Try it: As the output, give exactly the lines that run from the one with "this 1288×966 image." through the end of the records below, and omit pictures.

Source records:
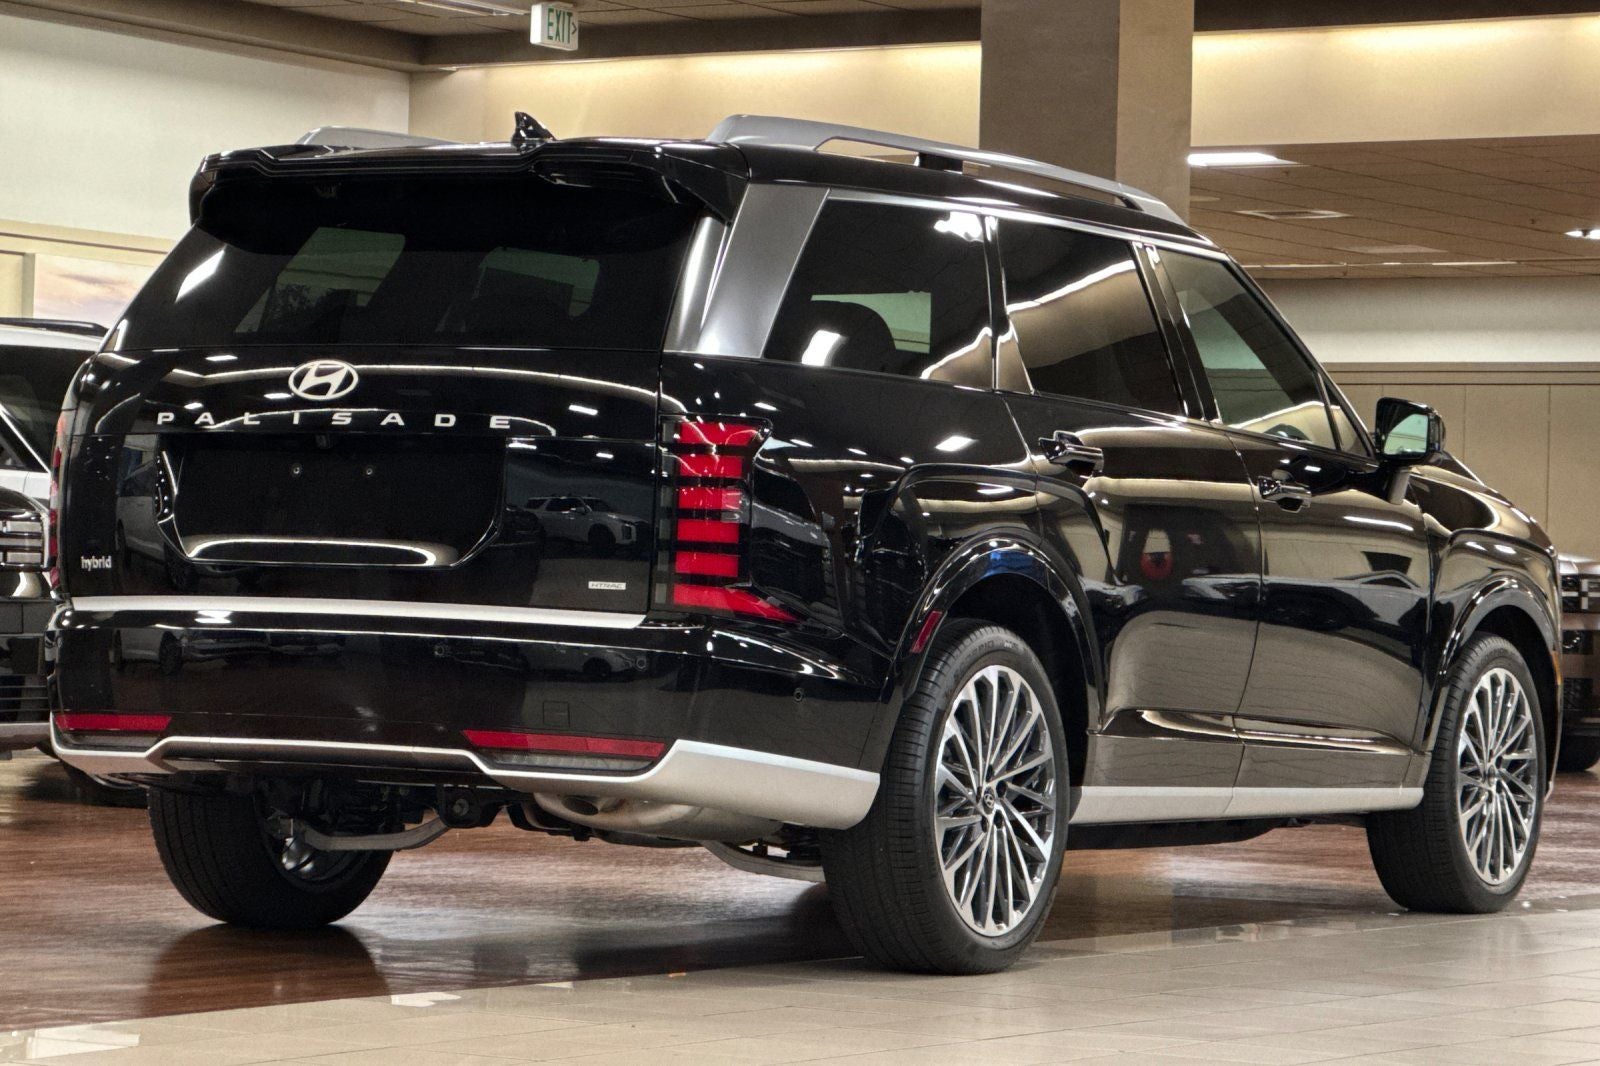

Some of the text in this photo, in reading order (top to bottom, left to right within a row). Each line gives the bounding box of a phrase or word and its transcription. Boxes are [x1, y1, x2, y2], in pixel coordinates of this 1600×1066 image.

[547, 8, 573, 44] EXIT
[156, 411, 512, 429] PALISADE
[81, 555, 112, 571] hybrid
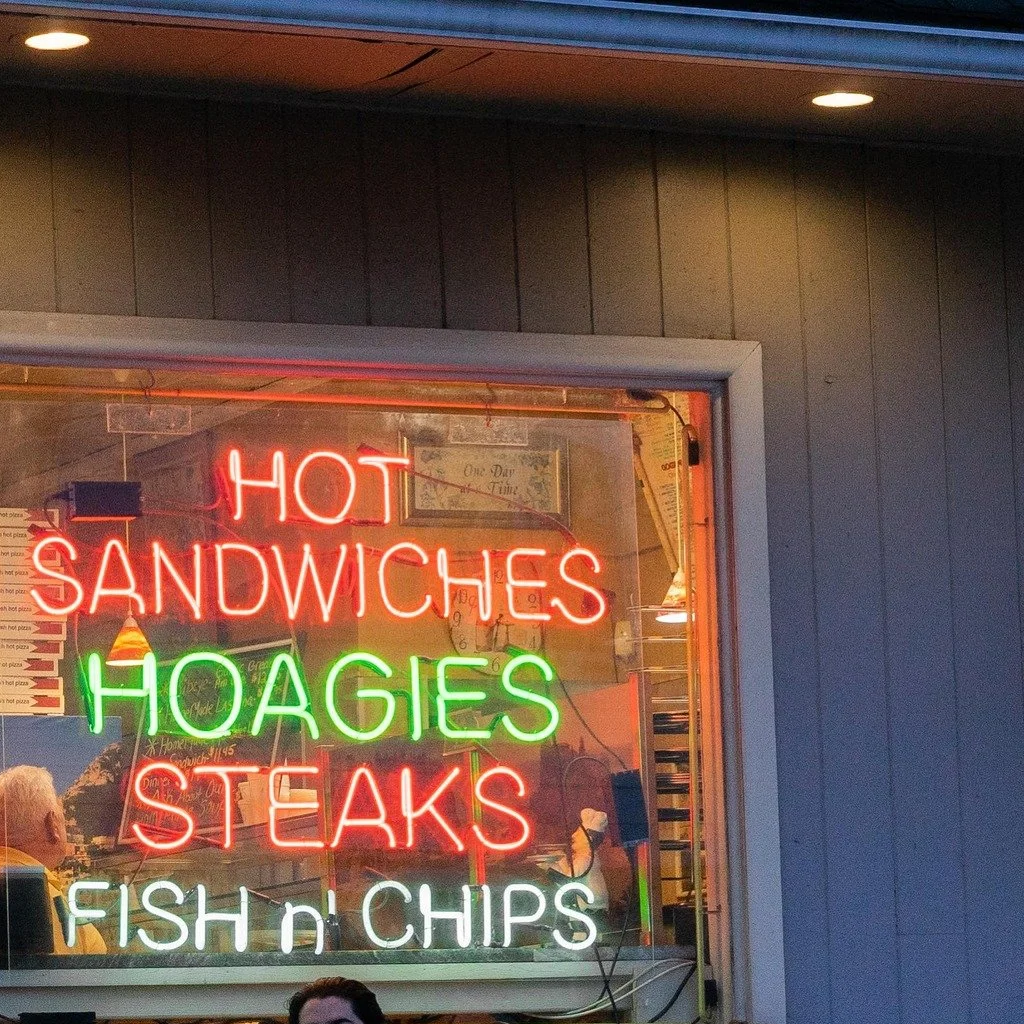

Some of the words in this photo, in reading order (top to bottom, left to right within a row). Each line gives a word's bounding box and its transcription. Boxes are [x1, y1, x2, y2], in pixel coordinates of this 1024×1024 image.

[229, 448, 411, 525] HOT
[30, 536, 606, 625] SANDWICHES
[88, 650, 560, 742] HOAGIES
[131, 762, 530, 853] STEAKS
[66, 880, 249, 953] FISH
[362, 880, 598, 951] CHIPS
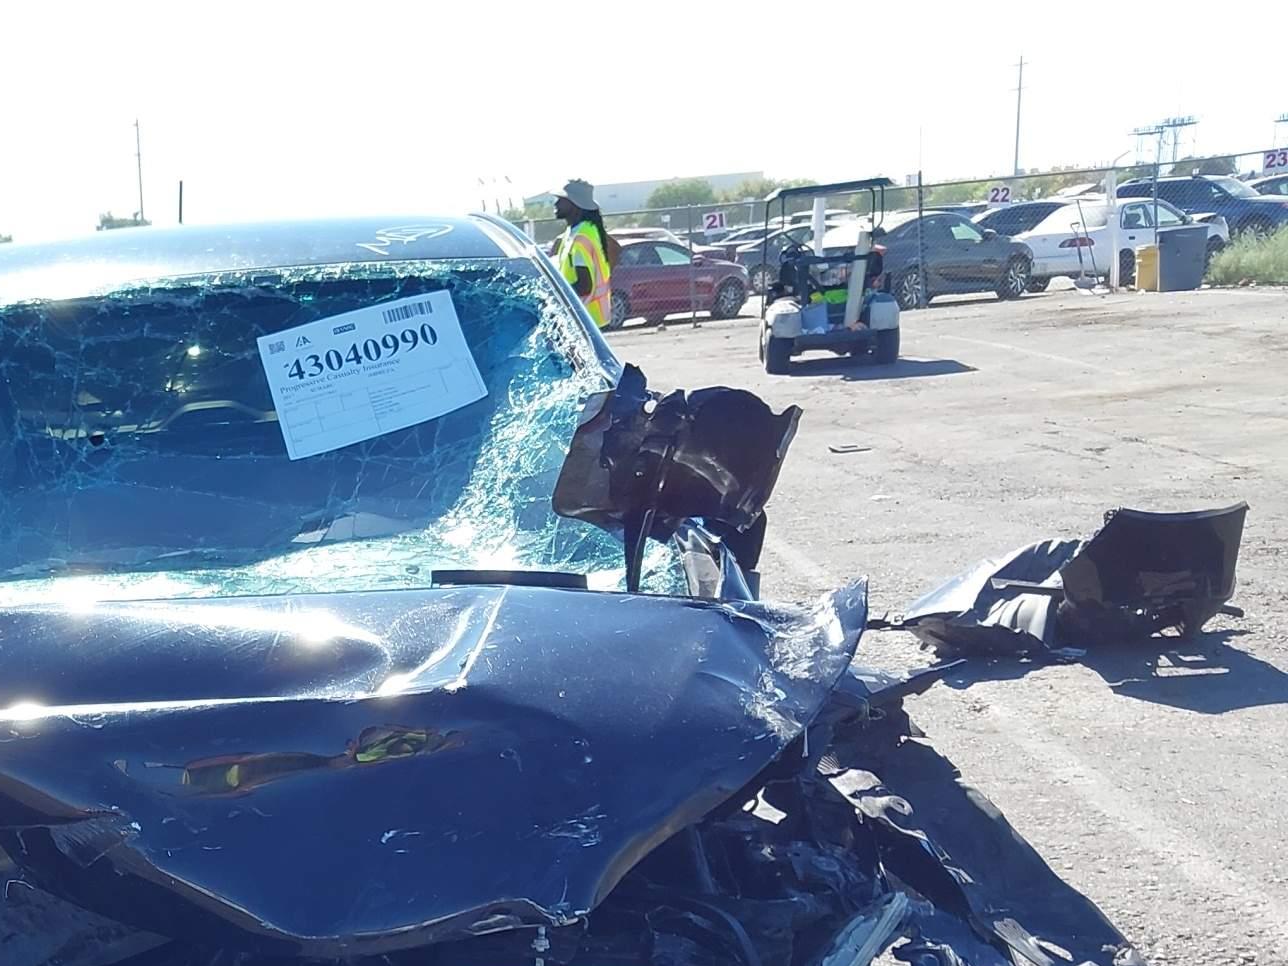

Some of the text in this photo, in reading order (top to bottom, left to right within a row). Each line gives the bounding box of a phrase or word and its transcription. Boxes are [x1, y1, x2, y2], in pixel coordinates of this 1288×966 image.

[1265, 152, 1288, 169] 23
[990, 187, 1010, 203] 22
[705, 213, 724, 229] 21
[287, 323, 438, 381] 43040990
[279, 376, 326, 395] Progressive
[326, 366, 361, 382] Casualty
[363, 358, 401, 373] Insurance
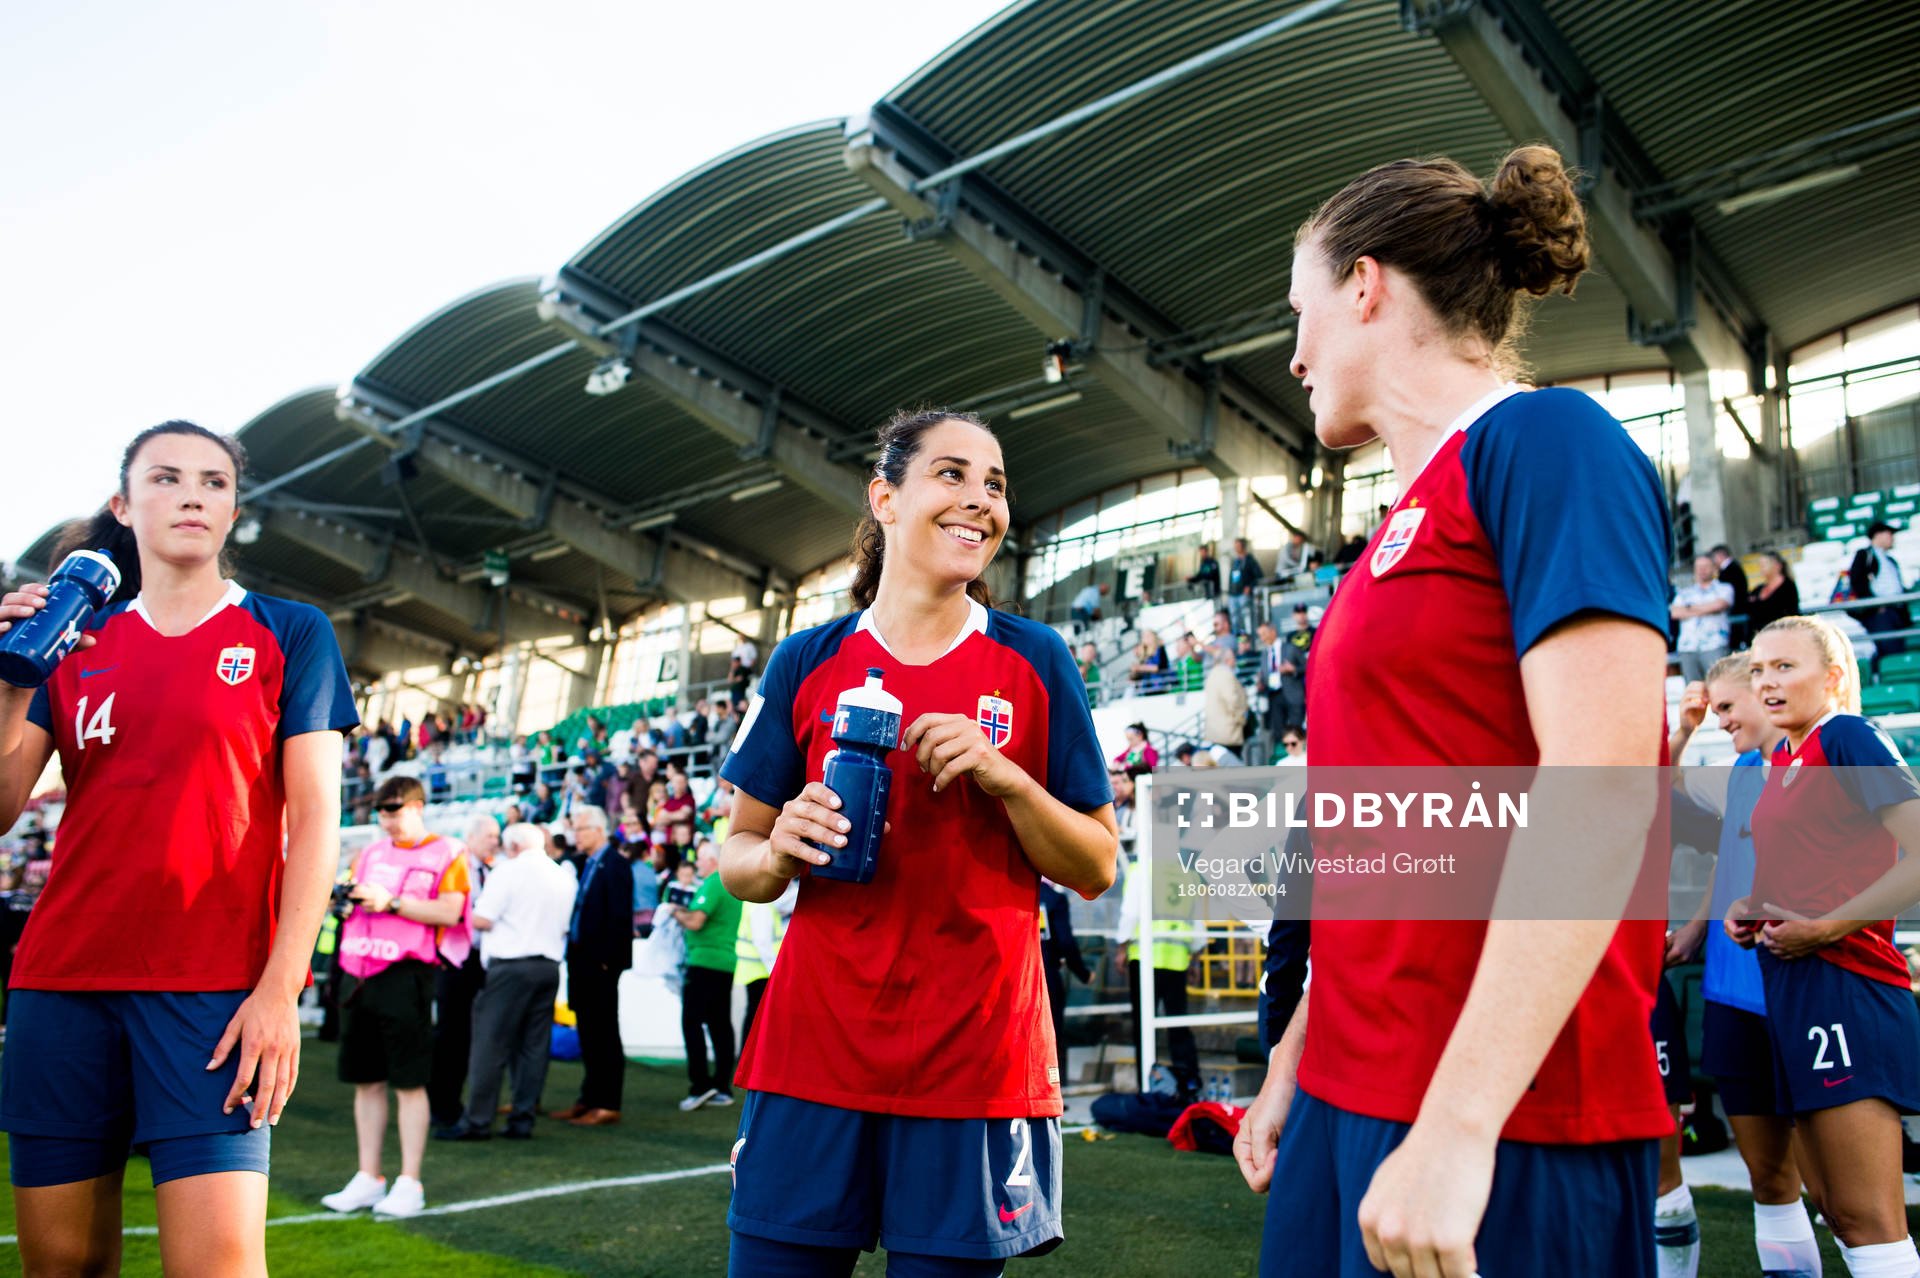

Answer below:
Some of the text in this photo, in reading order (top to bottom, left to right within a row). Each line gives the bounding box of a phrase or word and its transcription. Boxes are [x1, y1, x2, y2], in pixel coordinates of this 1288×966 image.

[1265, 152, 1288, 169] 23
[990, 187, 1010, 203] 22
[705, 213, 724, 229] 21
[287, 323, 438, 381] 43040990
[279, 376, 326, 395] Progressive
[326, 366, 361, 382] Casualty
[363, 358, 401, 373] Insurance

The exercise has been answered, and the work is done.